## Directions
Could you set down the listing below exactly, leaving out its pictures?

## Records to process
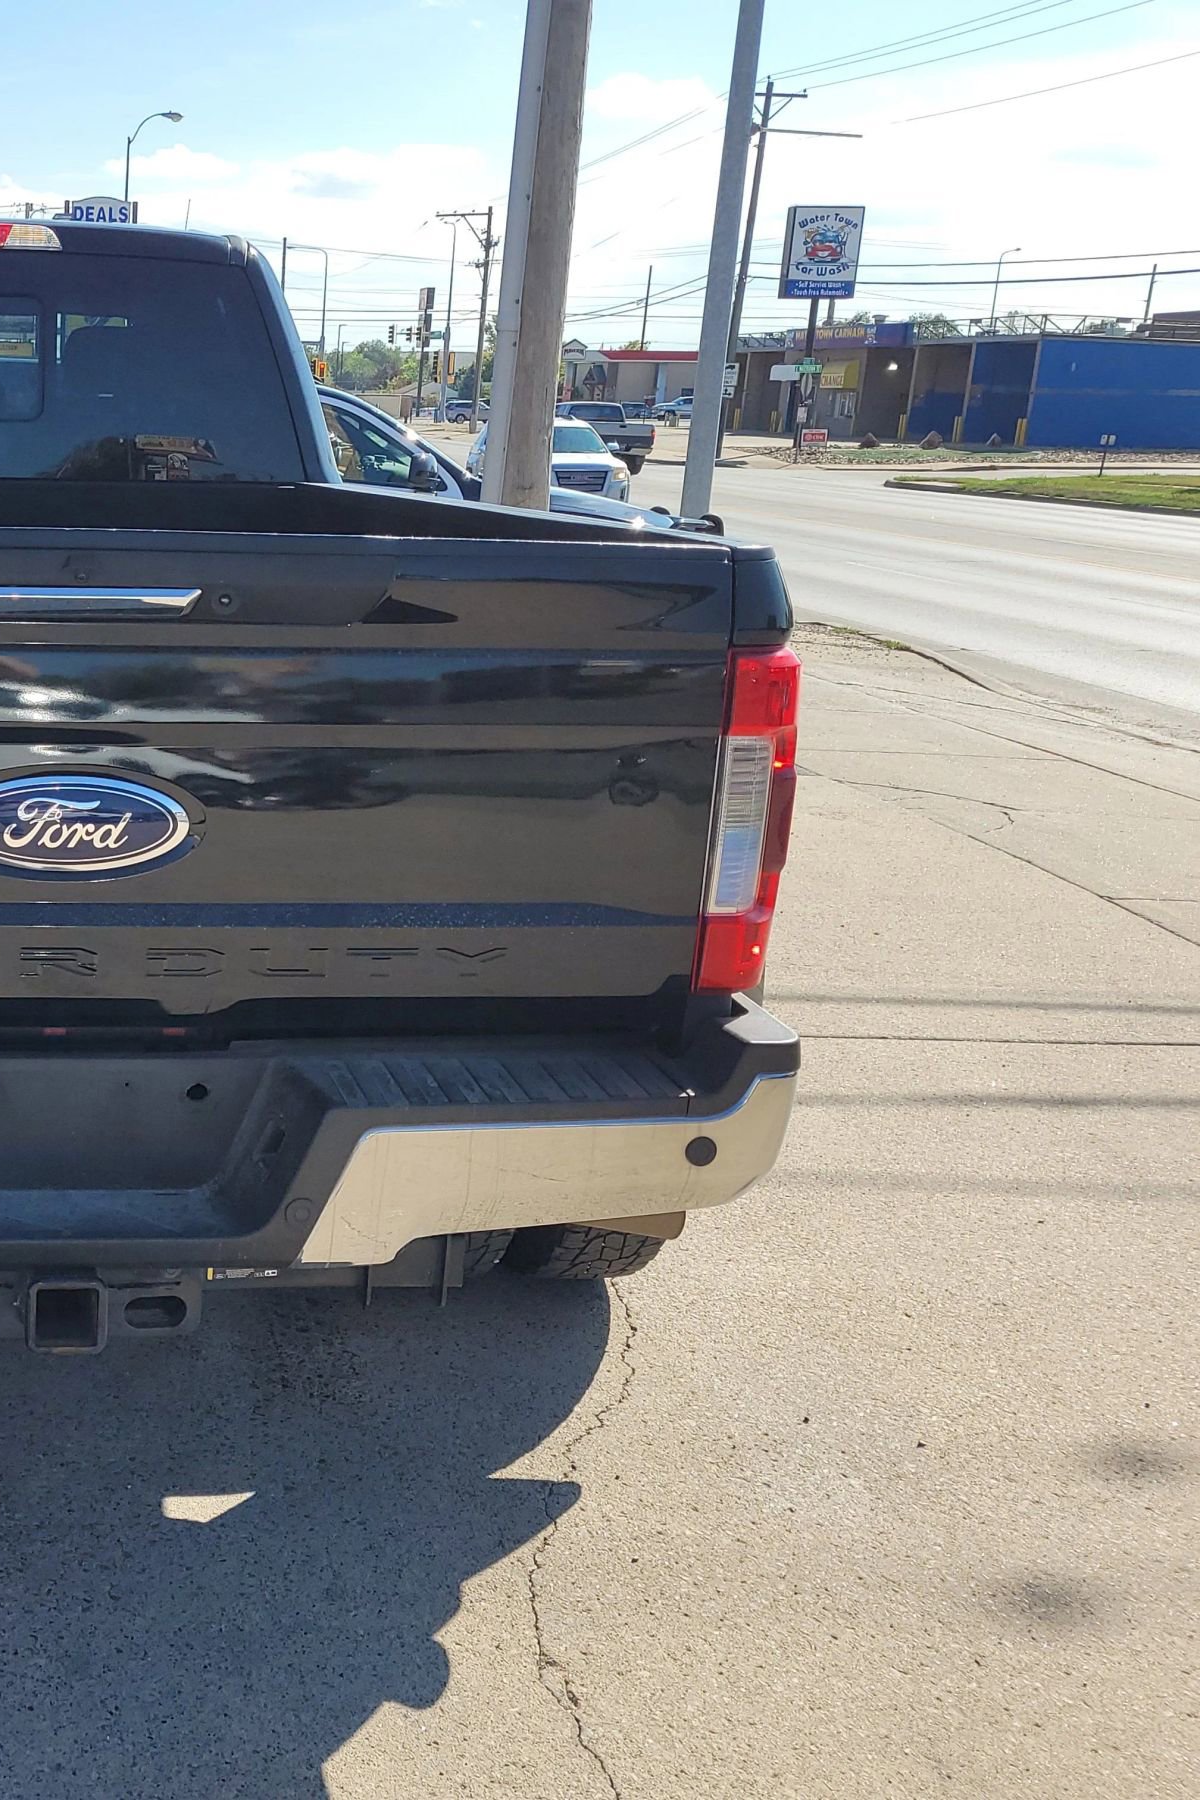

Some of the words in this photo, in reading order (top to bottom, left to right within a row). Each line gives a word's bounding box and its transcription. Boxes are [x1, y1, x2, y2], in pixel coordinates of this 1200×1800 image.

[74, 206, 128, 223] DEALS
[798, 213, 830, 229] Water
[834, 213, 858, 230] Town
[795, 262, 813, 275] Car
[816, 262, 850, 277] Wash
[816, 328, 833, 339] TOWN
[834, 327, 865, 338] CARWASH
[821, 375, 844, 386] CHANGE
[3, 797, 133, 849] Ford
[146, 946, 508, 977] DUTY
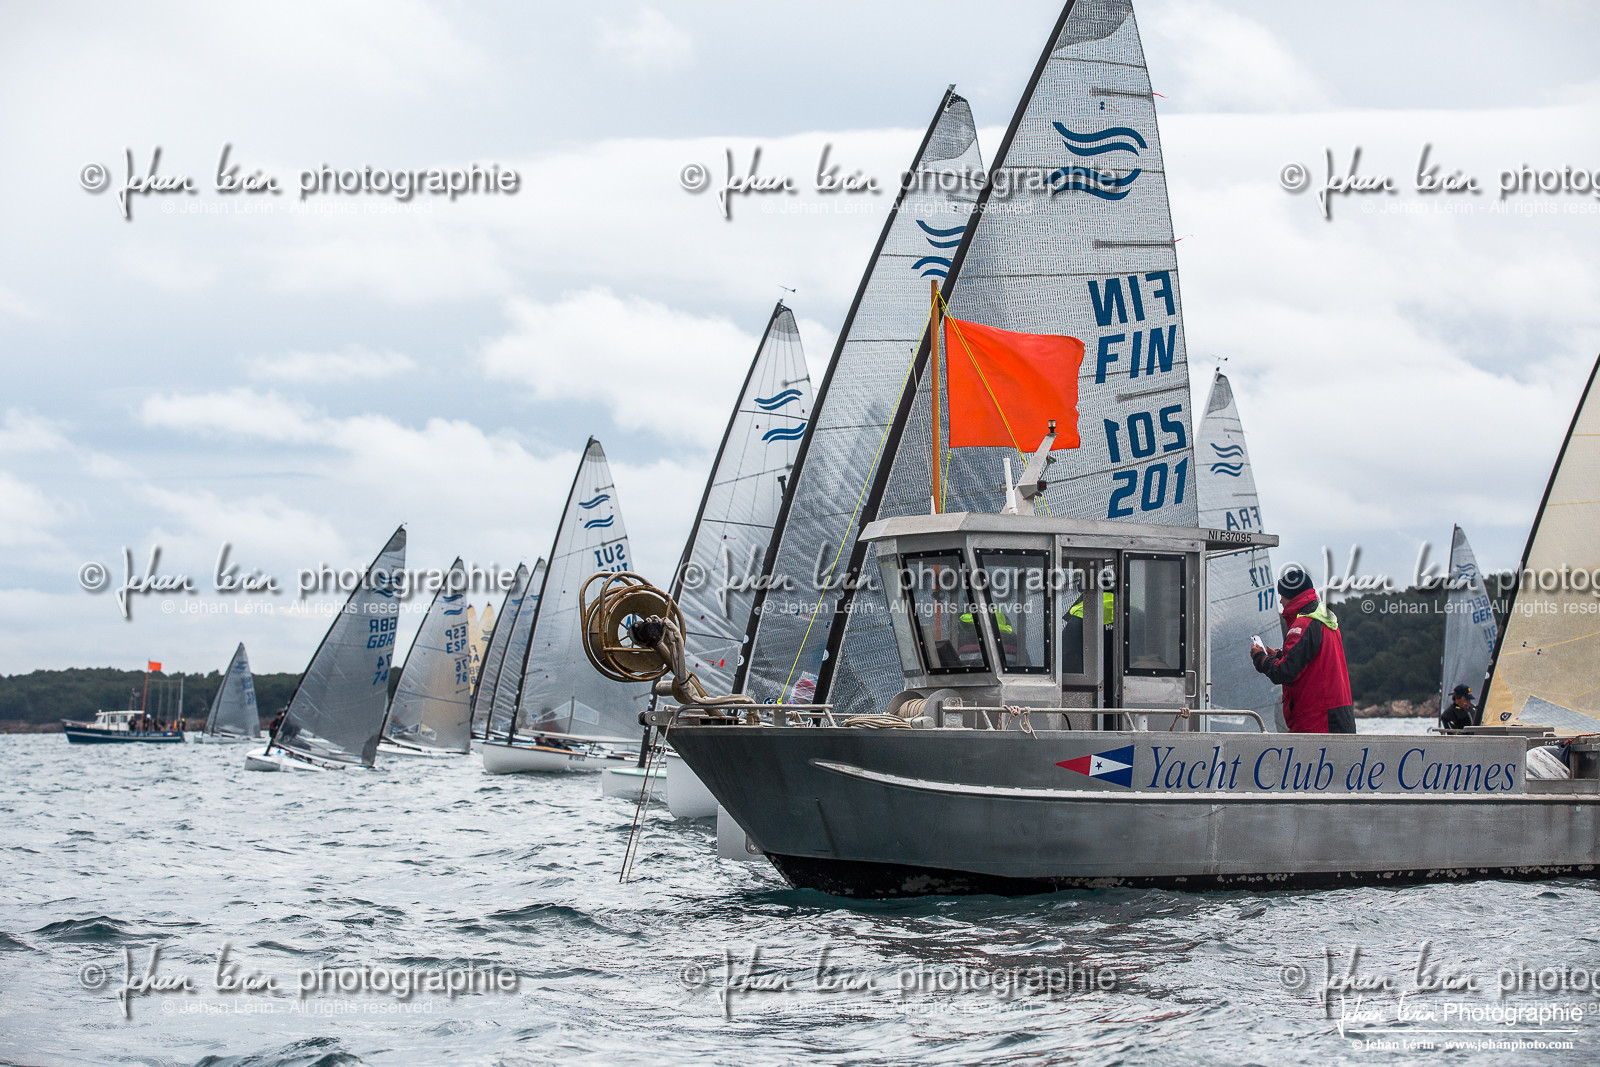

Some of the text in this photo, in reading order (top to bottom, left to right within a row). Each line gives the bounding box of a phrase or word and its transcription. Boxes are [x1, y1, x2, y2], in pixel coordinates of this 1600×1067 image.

## Answer space
Some of the words in this photo, in reading order (top to bottom, left to right within a row). Each line gives a word's bounding box and its transcription. Boxes are [x1, y1, x2, y2], in pixel coordinates of this 1200×1800 image.

[74, 206, 128, 223] DEALS
[798, 213, 830, 229] Water
[834, 213, 858, 230] Town
[795, 262, 813, 275] Car
[816, 262, 850, 277] Wash
[816, 328, 833, 339] TOWN
[834, 327, 865, 338] CARWASH
[821, 375, 844, 386] CHANGE
[3, 797, 133, 849] Ford
[146, 946, 508, 977] DUTY

Some of the text in this photo, in reading order (top to bottom, left to right within a row). Each line gives the bounding box of a phrase or word and its transcription. Boxes are [x1, y1, x2, y2], in pixel coordinates of this 1600×1067 image.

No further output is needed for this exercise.